12 generally consists of instances which are labeled by a human expert. The labels are the classes into which the instances of the dataset are divided and are fixed by the human expert. The essence is that human intervention is required in the form of preparing the training data. Clustering of large datasets is universally accepted as a difficult problem, since it tries to group instances together, without the helping hand of a human supervisor. Also, algorithms such as K-Medoids have a very high time complexity and have runtimes which are unacceptably high, even for moderately large datasets. The third objective of the thesis is to integrate both clustering and classification in the context of web page categorization. In the proposed approach, clustering would be used instead of a human expert in preparing the training data for the classifier. 1.8 Organization of the Thesis The contents of the thesis are organized and presented in the following manner. Chapter 2 presents the literature review on the existing approaches for web page categorization. In chapter 3, a review of the vector space model is presented. Vector space model is a popular document representation model and it has been used in this thesis.
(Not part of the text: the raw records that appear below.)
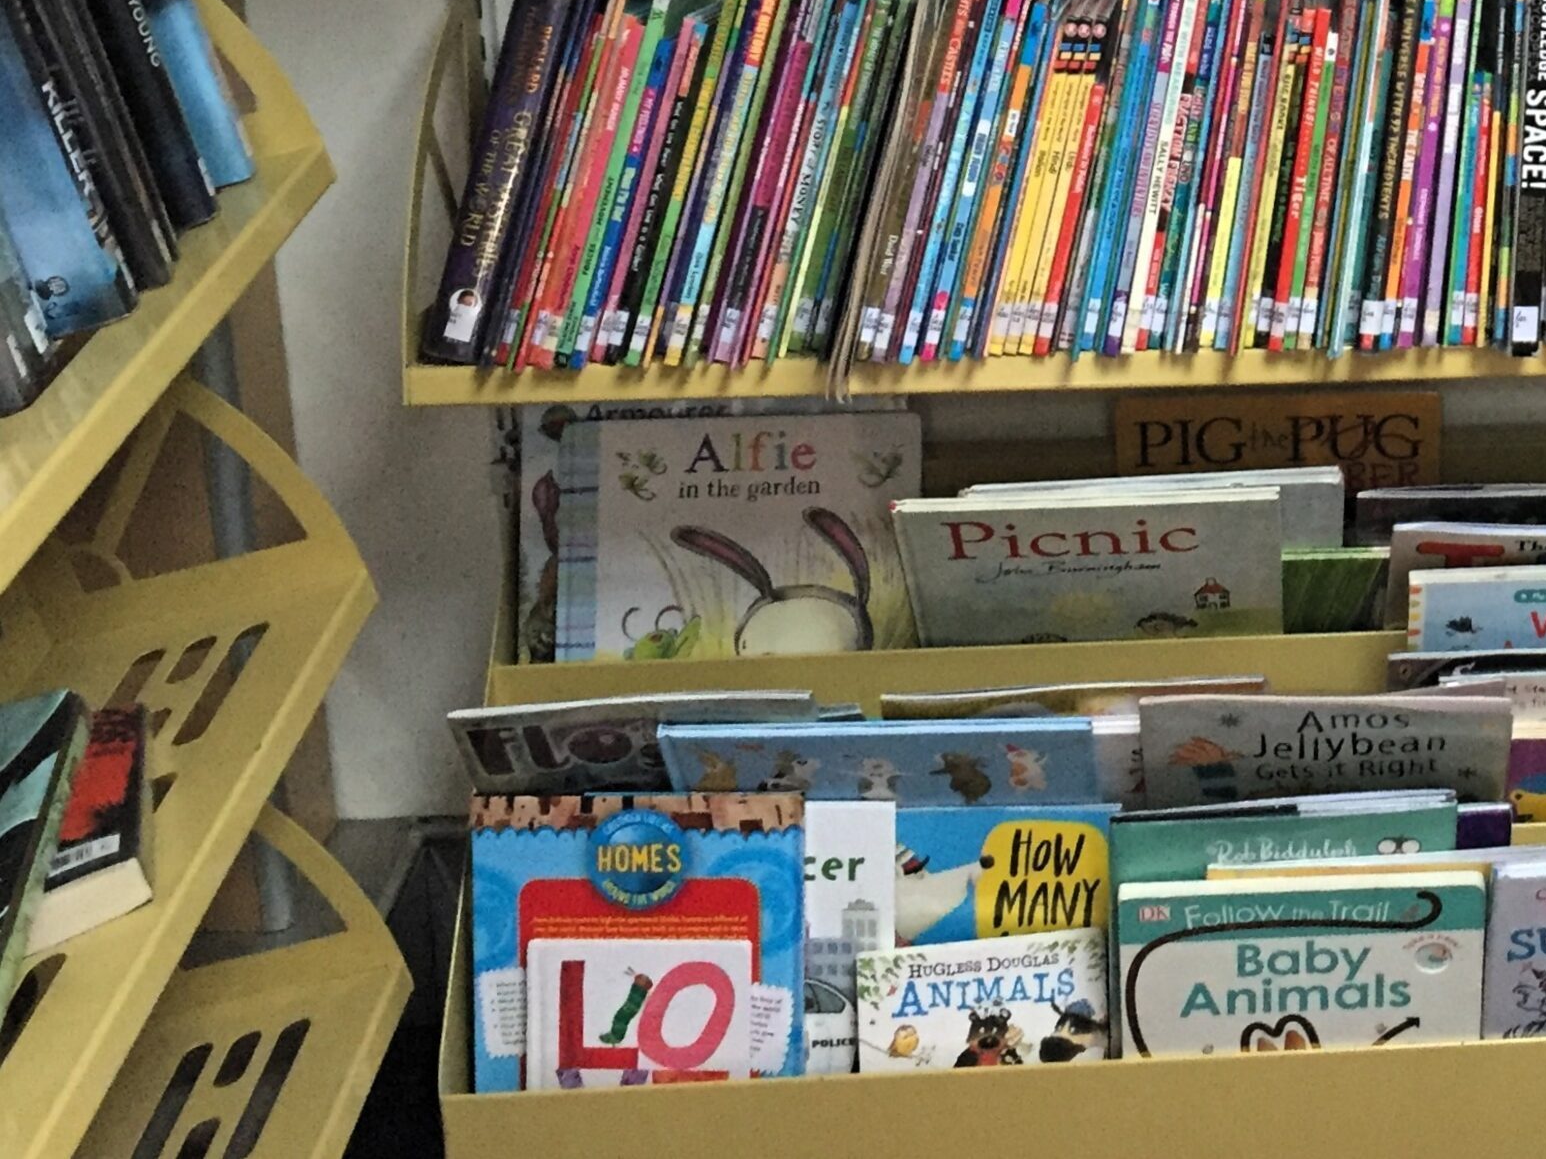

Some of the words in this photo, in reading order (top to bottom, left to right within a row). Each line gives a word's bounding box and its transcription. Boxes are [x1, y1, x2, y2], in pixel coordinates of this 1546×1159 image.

[1157, 140, 1168, 173] SALLY
[684, 431, 818, 473] Alfie
[1134, 415, 1247, 468] PIG
[1287, 414, 1424, 463] PUG
[679, 481, 699, 499] in
[707, 479, 738, 498] the
[747, 476, 820, 501] garden
[940, 519, 1200, 561] Picnic
[1296, 710, 1410, 733] Amos
[1252, 734, 1447, 763] Jellybean
[1254, 762, 1310, 780] Gets
[1358, 758, 1440, 779] Right
[597, 843, 682, 874] HOMES
[1009, 828, 1085, 878] HOW
[993, 879, 1100, 929] MANY
[1140, 908, 1170, 921] DK
[1184, 903, 1286, 930] Follow
[1328, 900, 1391, 921] Trail
[908, 959, 982, 979] HUGLESS
[986, 953, 1060, 972] DOUGLAS
[1237, 940, 1372, 982] Baby
[892, 967, 1076, 1018] ANIMALS
[1179, 973, 1412, 1018] Animals
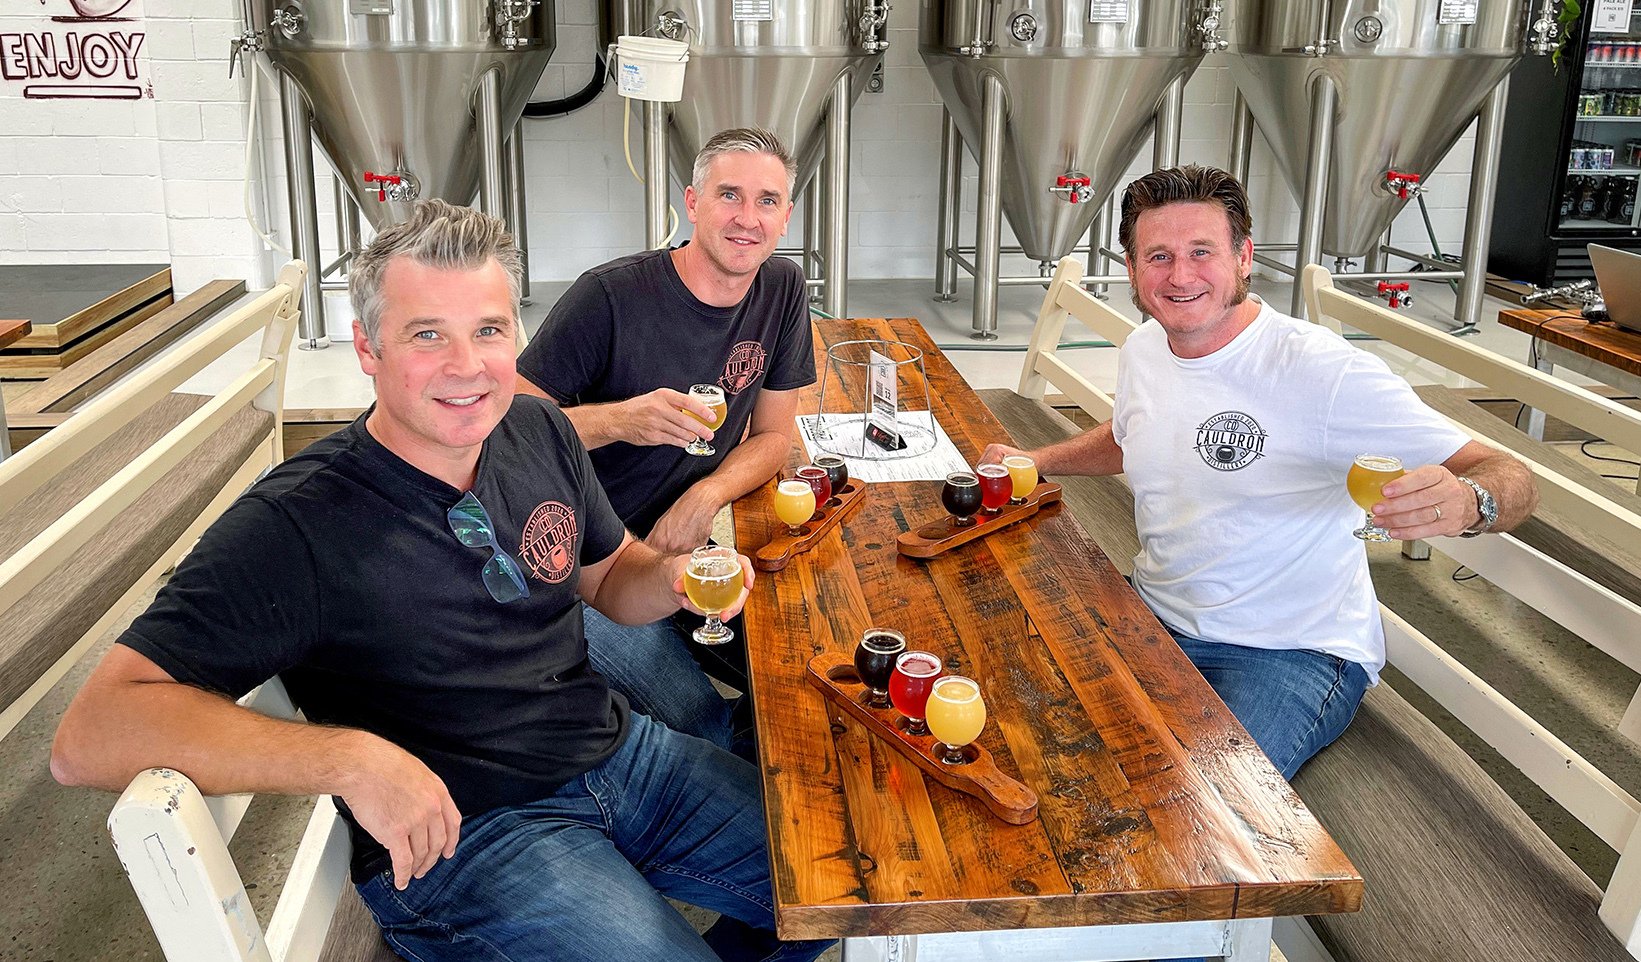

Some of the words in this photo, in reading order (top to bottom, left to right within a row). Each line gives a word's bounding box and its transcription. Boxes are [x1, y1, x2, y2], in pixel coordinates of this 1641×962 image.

[0, 32, 145, 80] ENJOY
[1196, 430, 1265, 453] CAULDRON
[523, 512, 577, 571] CAULDRON
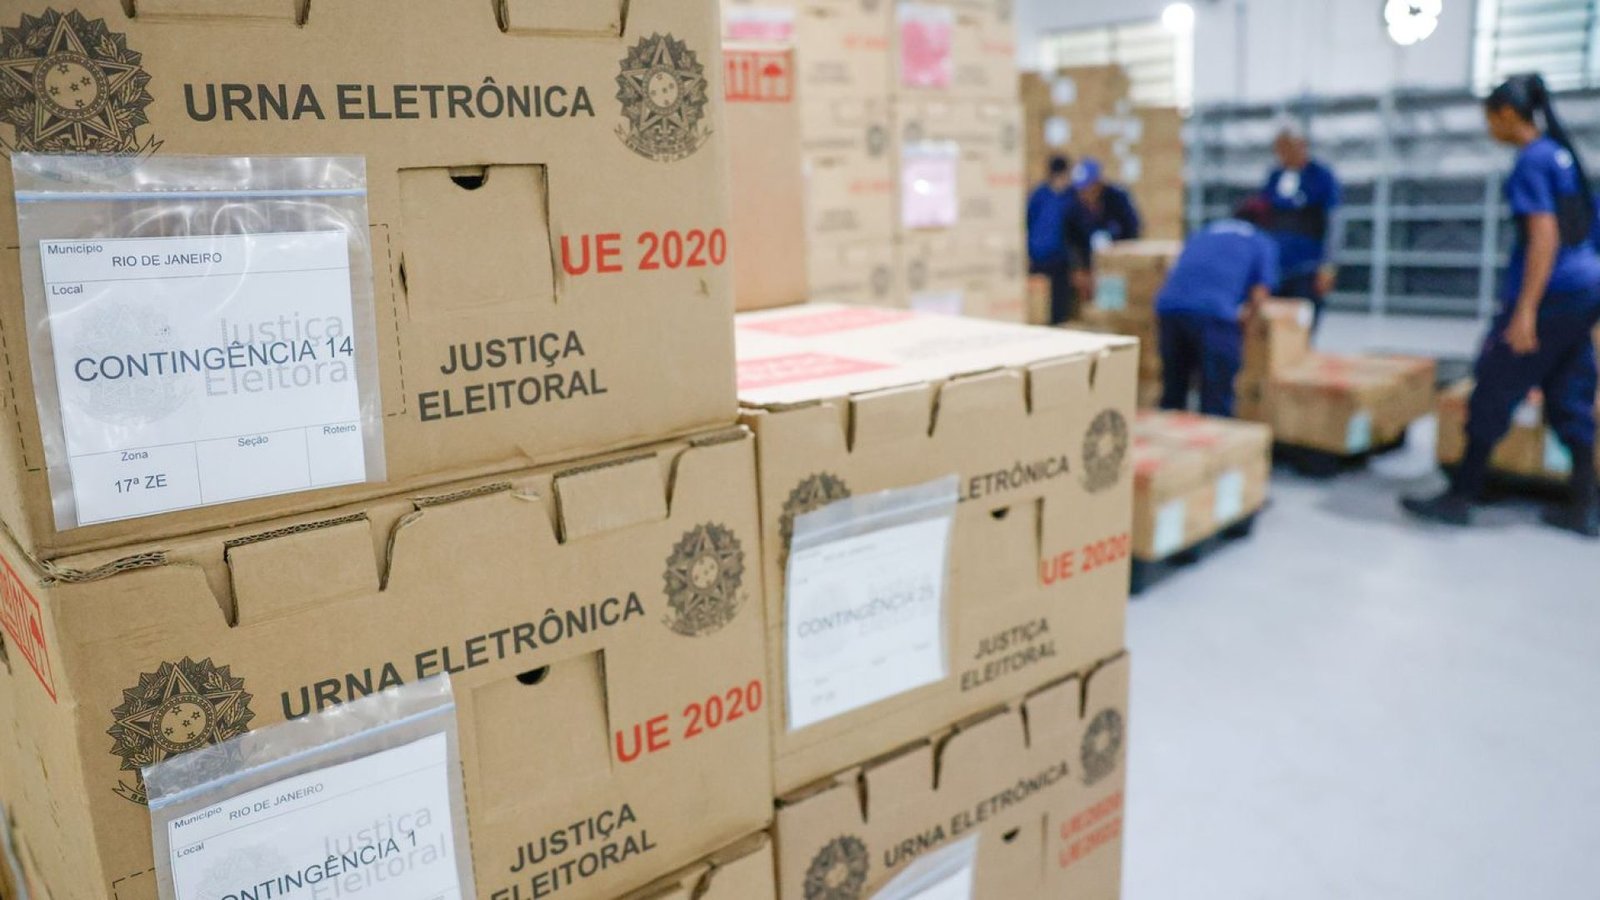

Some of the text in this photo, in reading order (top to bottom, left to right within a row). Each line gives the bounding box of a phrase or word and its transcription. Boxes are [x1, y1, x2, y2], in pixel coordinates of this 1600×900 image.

[184, 76, 595, 121] URNA ELETRÔNICA
[112, 252, 222, 267] RIO DE JANEIRO
[560, 228, 727, 276] UE 2020
[52, 284, 83, 295] Local
[75, 336, 353, 382] CONTINGÊNCIA 14
[440, 330, 585, 375] JUSTIÇA
[418, 368, 607, 422] ELEITORAL
[237, 435, 268, 448] Seção
[323, 423, 356, 436] Roteiro
[121, 449, 148, 461] Zona
[114, 474, 167, 493] 17ª ZE
[1041, 550, 1074, 586] UE
[281, 662, 404, 721] URNA
[415, 591, 645, 680] ELETRÔNICA
[974, 617, 1050, 660] JUSTIÇA
[960, 641, 1057, 692] ELEITORAL
[615, 679, 763, 764] UE 2020
[174, 783, 324, 830] Município RIO DE JANEIRO
[884, 761, 1070, 869] URNA ELETRÔNICA
[177, 842, 205, 858] Local
[408, 830, 416, 847] 1
[510, 803, 636, 873] JUSTIÇA
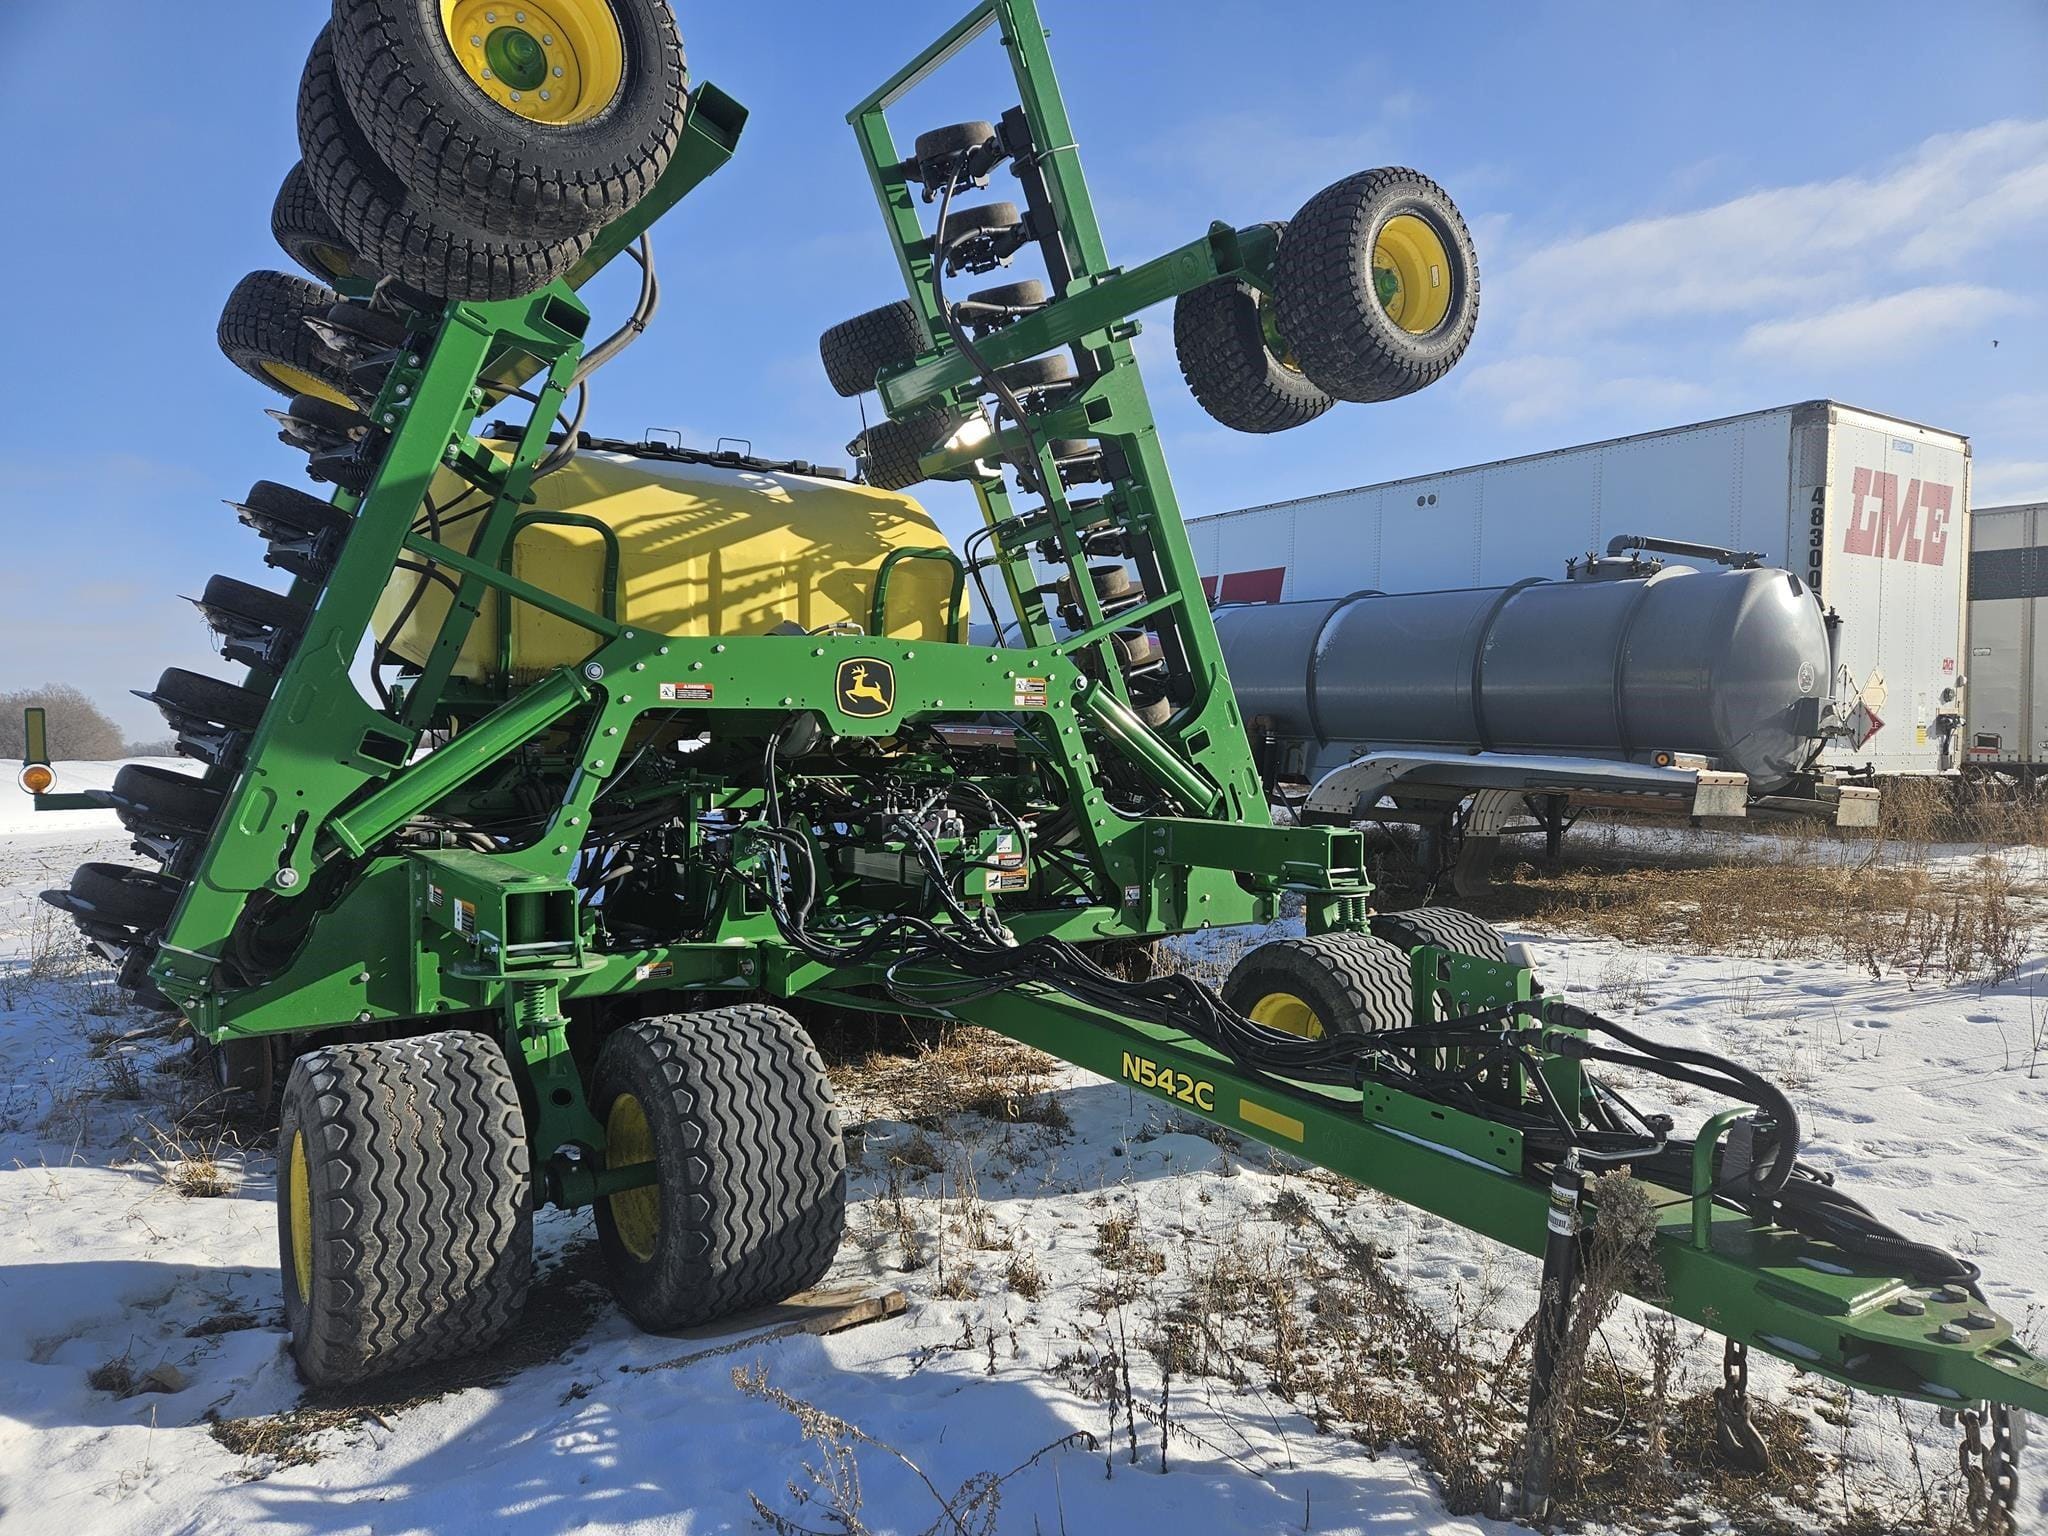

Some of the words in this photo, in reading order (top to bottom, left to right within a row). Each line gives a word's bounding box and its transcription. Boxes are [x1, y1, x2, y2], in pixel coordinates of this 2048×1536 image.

[1808, 486, 1825, 597] 48300
[1843, 466, 1954, 567] LME
[1122, 1050, 1215, 1112] N542C
Further, a brief introduction is given to

13 some of the existing similarity measures and clustering methods that are generally used in webpage categorization. Chapter 4 presents a brief overview of the rough set theory and the QuickReduct algorithm. QuickReduct algorithm can be used for the purpose of dimensionality reduction through feature selection. A review of the existing work related to QuickReduct is also presented. Chapter 5 presents the Find-K algorithm, which is one of the main contributions of this thesis. Along with the description of the algorithm, results and discussion are also presented. A graph based mathematical model is also presented here. In chapter 6, a modification to the existing rough set based QuickReduct algorithm is proposed. Chapter 7 presents a new approach to web page categorization, called Integrated Machine Learning Approach (IMLA). This method puts together clustering and classification by integrating the work reported in chapter 5 and 6 and thereby proposes a novel approach to web page categorization. Chapter 8 presents discussion and conclusions, limitations of the current work and future scope.